START Available data

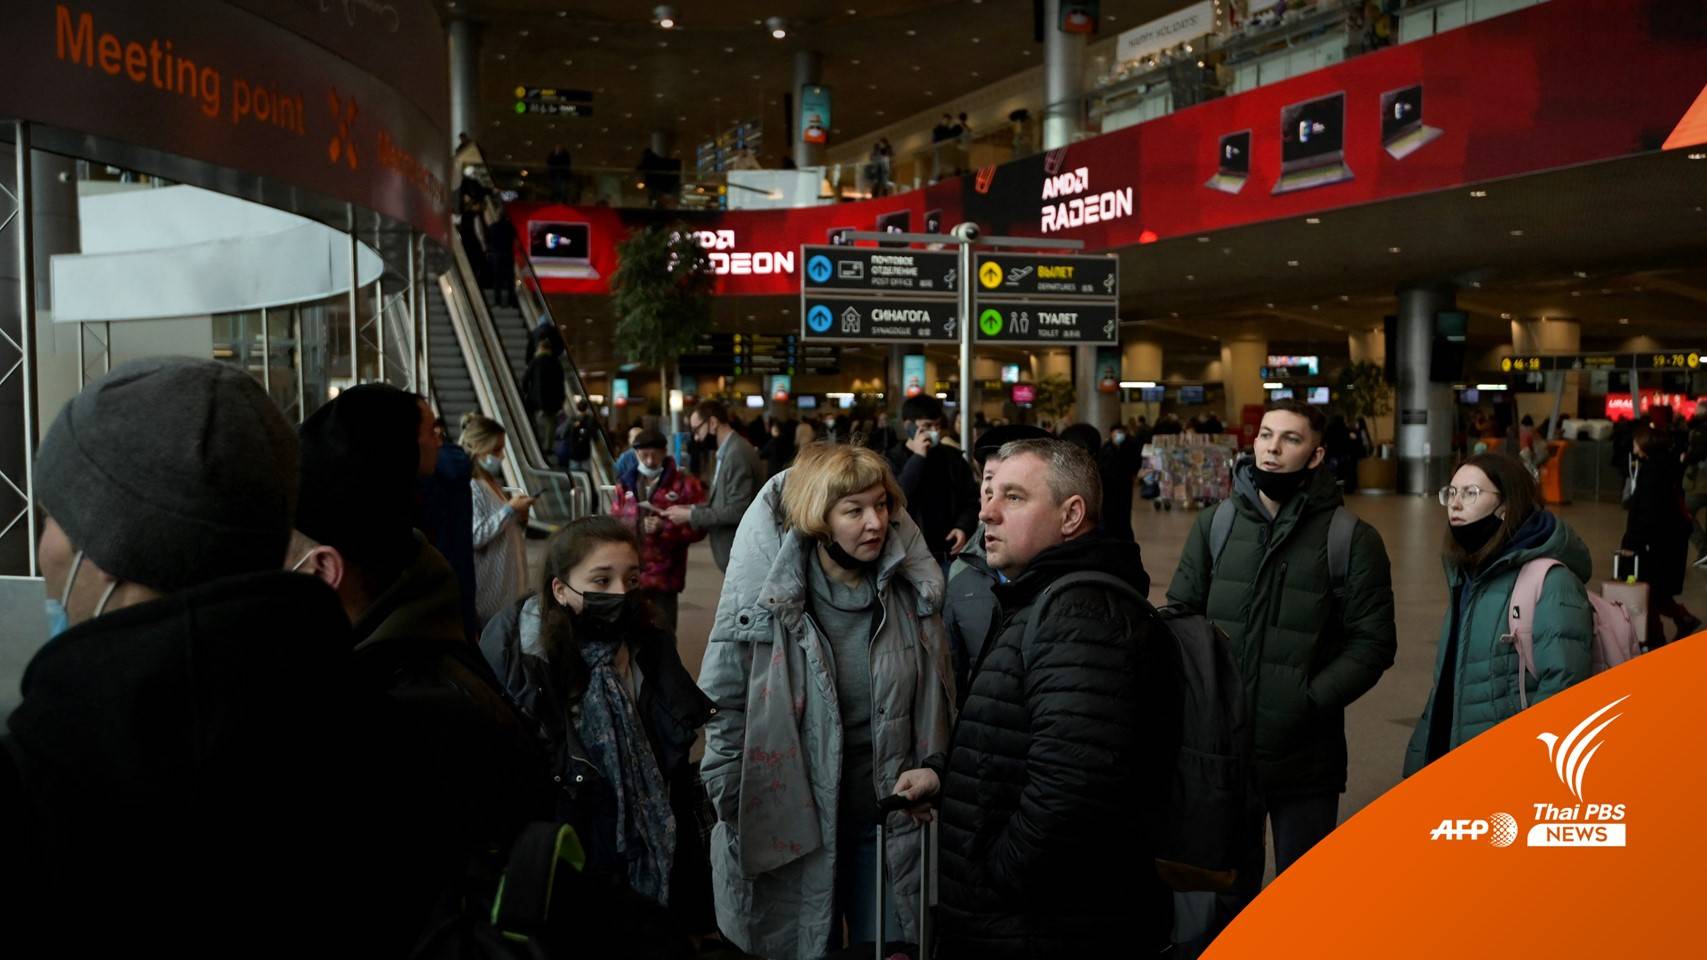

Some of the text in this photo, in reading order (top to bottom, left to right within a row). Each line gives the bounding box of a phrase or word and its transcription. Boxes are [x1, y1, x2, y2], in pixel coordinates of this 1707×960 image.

[55, 4, 304, 135] Meeting point
[1042, 171, 1078, 200] AMD
[1041, 187, 1133, 233] RADEON
[667, 251, 794, 275] DEON
[1037, 265, 1075, 279] ВЫЛЕТ
[871, 277, 888, 286] POST
[890, 277, 913, 287] OFFICE
[871, 308, 931, 323] СИНАГОГА
[1037, 312, 1079, 325] ТУАЛЕТ
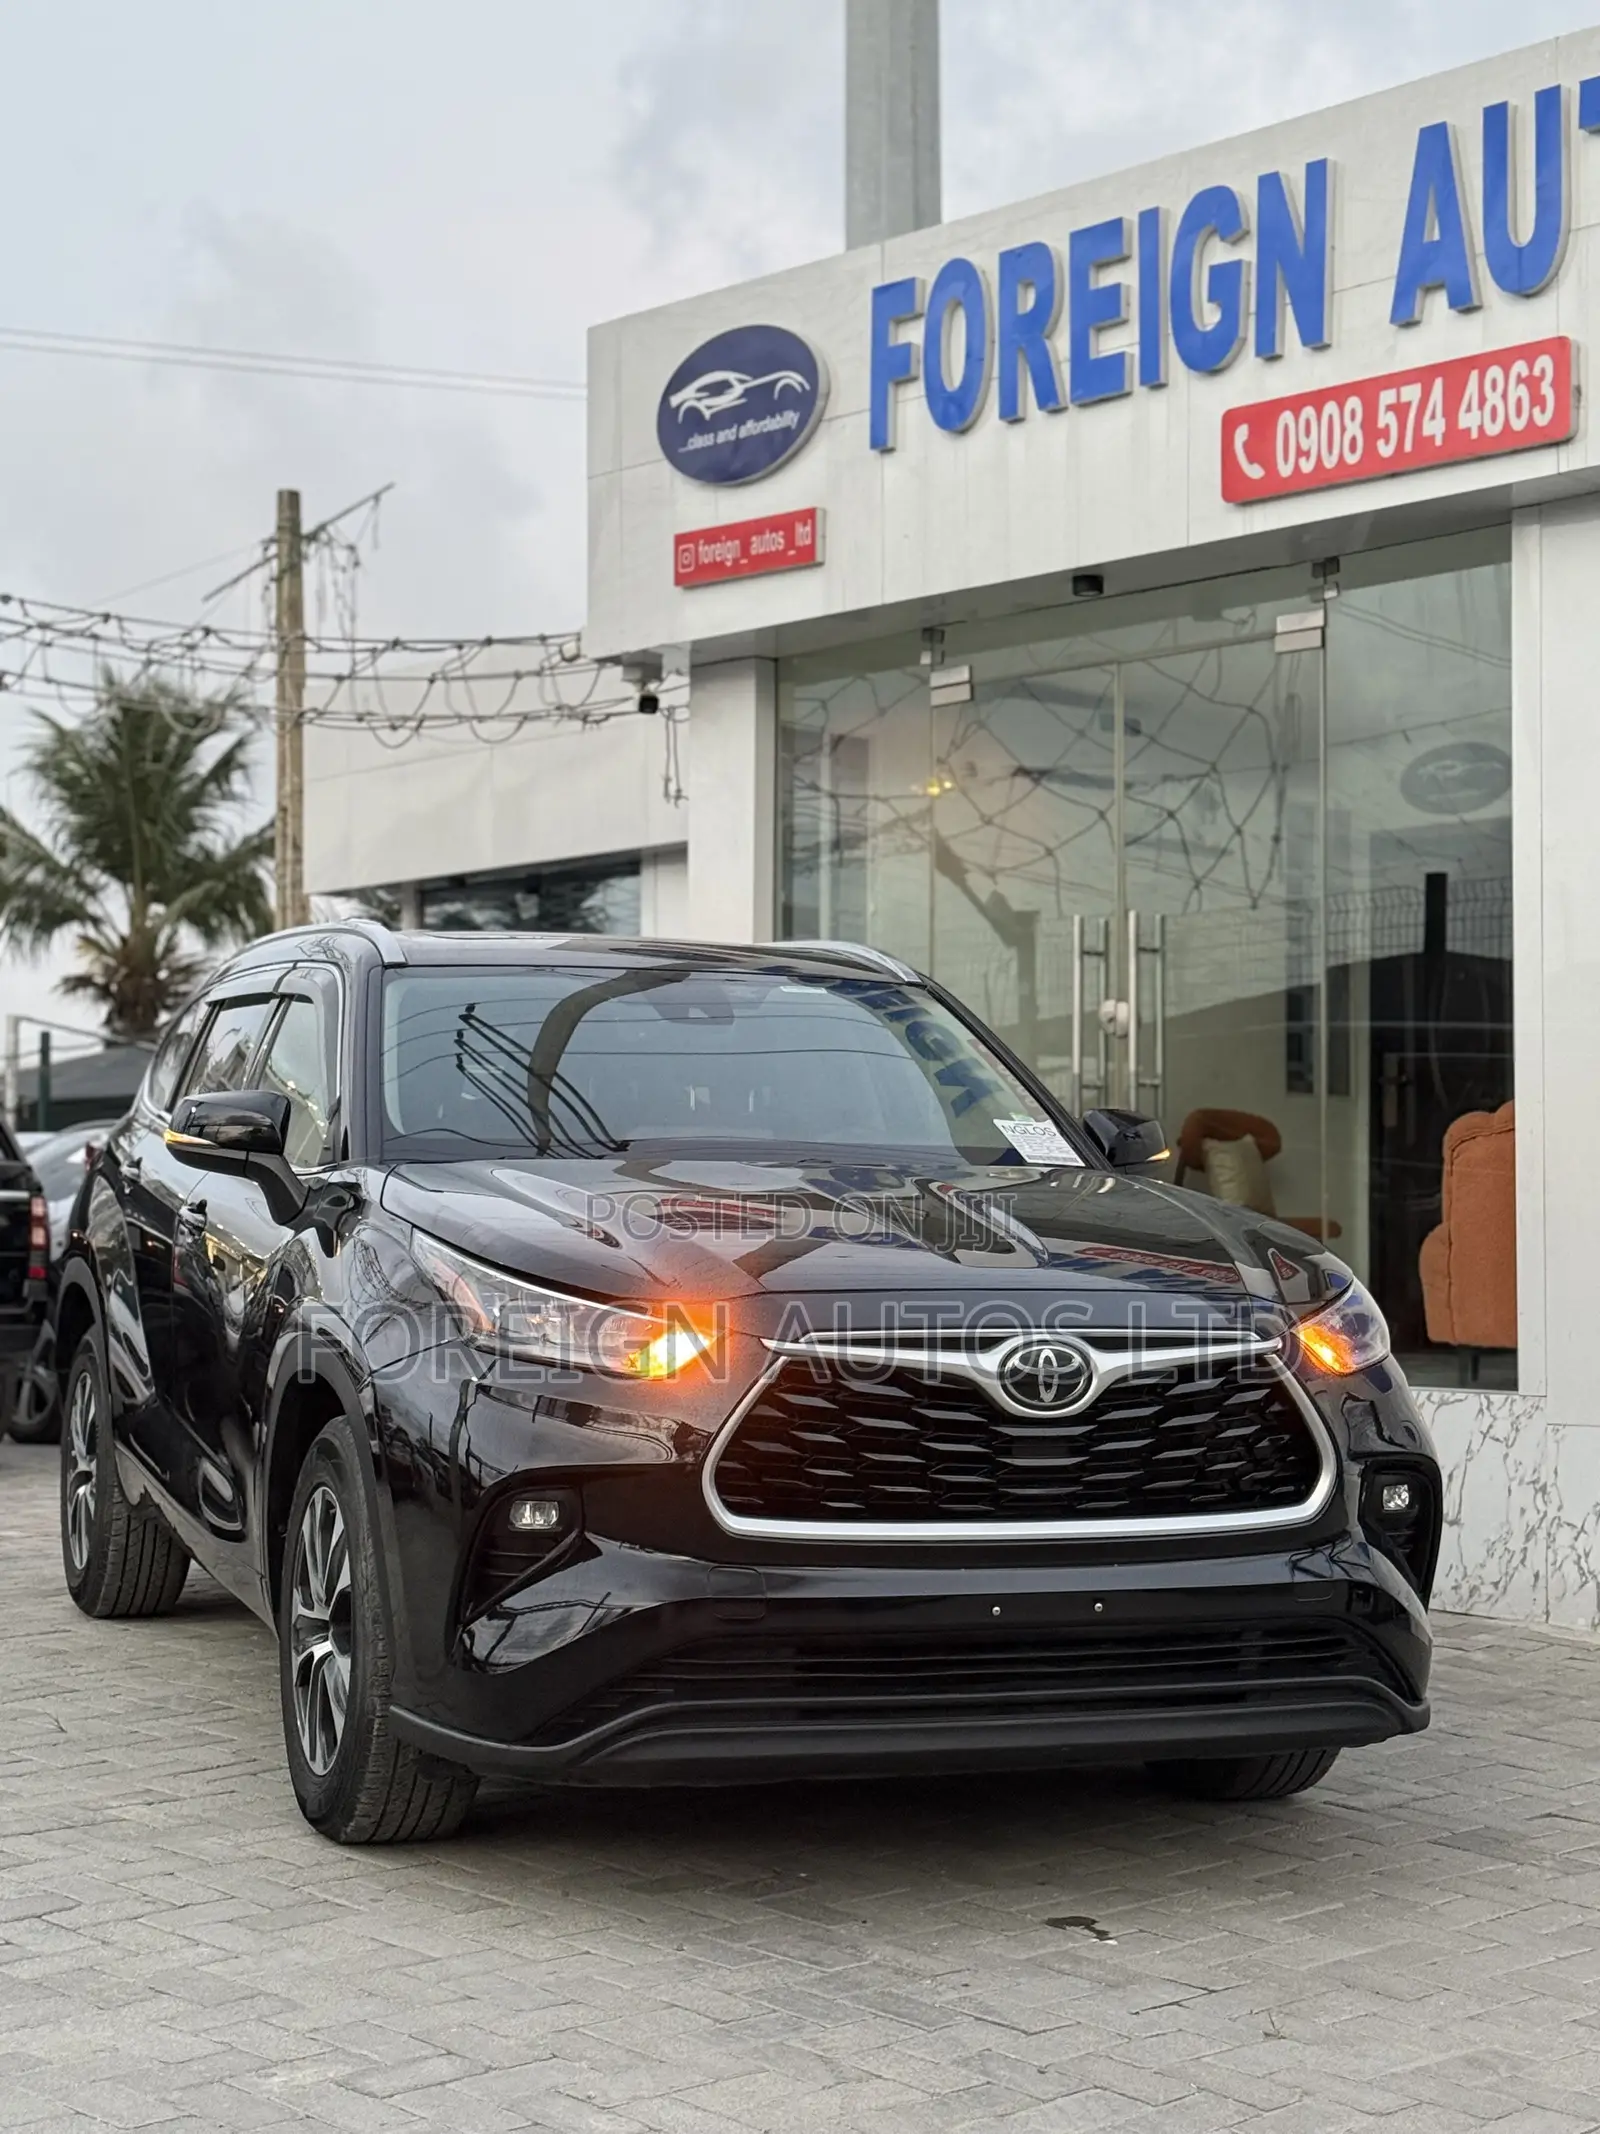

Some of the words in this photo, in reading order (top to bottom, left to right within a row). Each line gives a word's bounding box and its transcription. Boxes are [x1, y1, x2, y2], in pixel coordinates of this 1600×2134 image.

[868, 157, 1331, 452] FOREIGN
[1390, 74, 1600, 327] AU
[716, 423, 738, 444] and
[738, 409, 800, 440] affordability
[1275, 395, 1364, 478] 0908
[1376, 376, 1446, 459] 574
[1458, 354, 1555, 440] 4863
[1001, 1124, 1057, 1138] NGLOS

END Available data

■ Exercise requirements
Give every entry again word for word; no images belong in the copy.

■ Answer box
Some of the text in this photo, in reading order (top to bottom, left to right within a row). Each line gives the bounding box of a phrase or word and its transcription. Boxes are [x1, y1, x2, y2], in pixel coordinates of this 1707×960 image.

[55, 4, 304, 135] Meeting point
[1042, 171, 1078, 200] AMD
[1041, 187, 1133, 233] RADEON
[667, 251, 794, 275] DEON
[1037, 265, 1075, 279] ВЫЛЕТ
[871, 277, 888, 286] POST
[890, 277, 913, 287] OFFICE
[871, 308, 931, 323] СИНАГОГА
[1037, 312, 1079, 325] ТУАЛЕТ

Some of the words in this photo, in reading order (top to bottom, left to right within a row). Each line gives a word's bounding box and its transcription. Boxes are [x1, y1, x2, y2], in pixel coordinates of this 1600×2134 image.

[868, 157, 1331, 452] FOREIGN
[1390, 74, 1600, 327] AU
[716, 423, 738, 444] and
[738, 409, 800, 440] affordability
[1275, 395, 1364, 478] 0908
[1376, 376, 1446, 459] 574
[1458, 354, 1555, 440] 4863
[1001, 1124, 1057, 1138] NGLOS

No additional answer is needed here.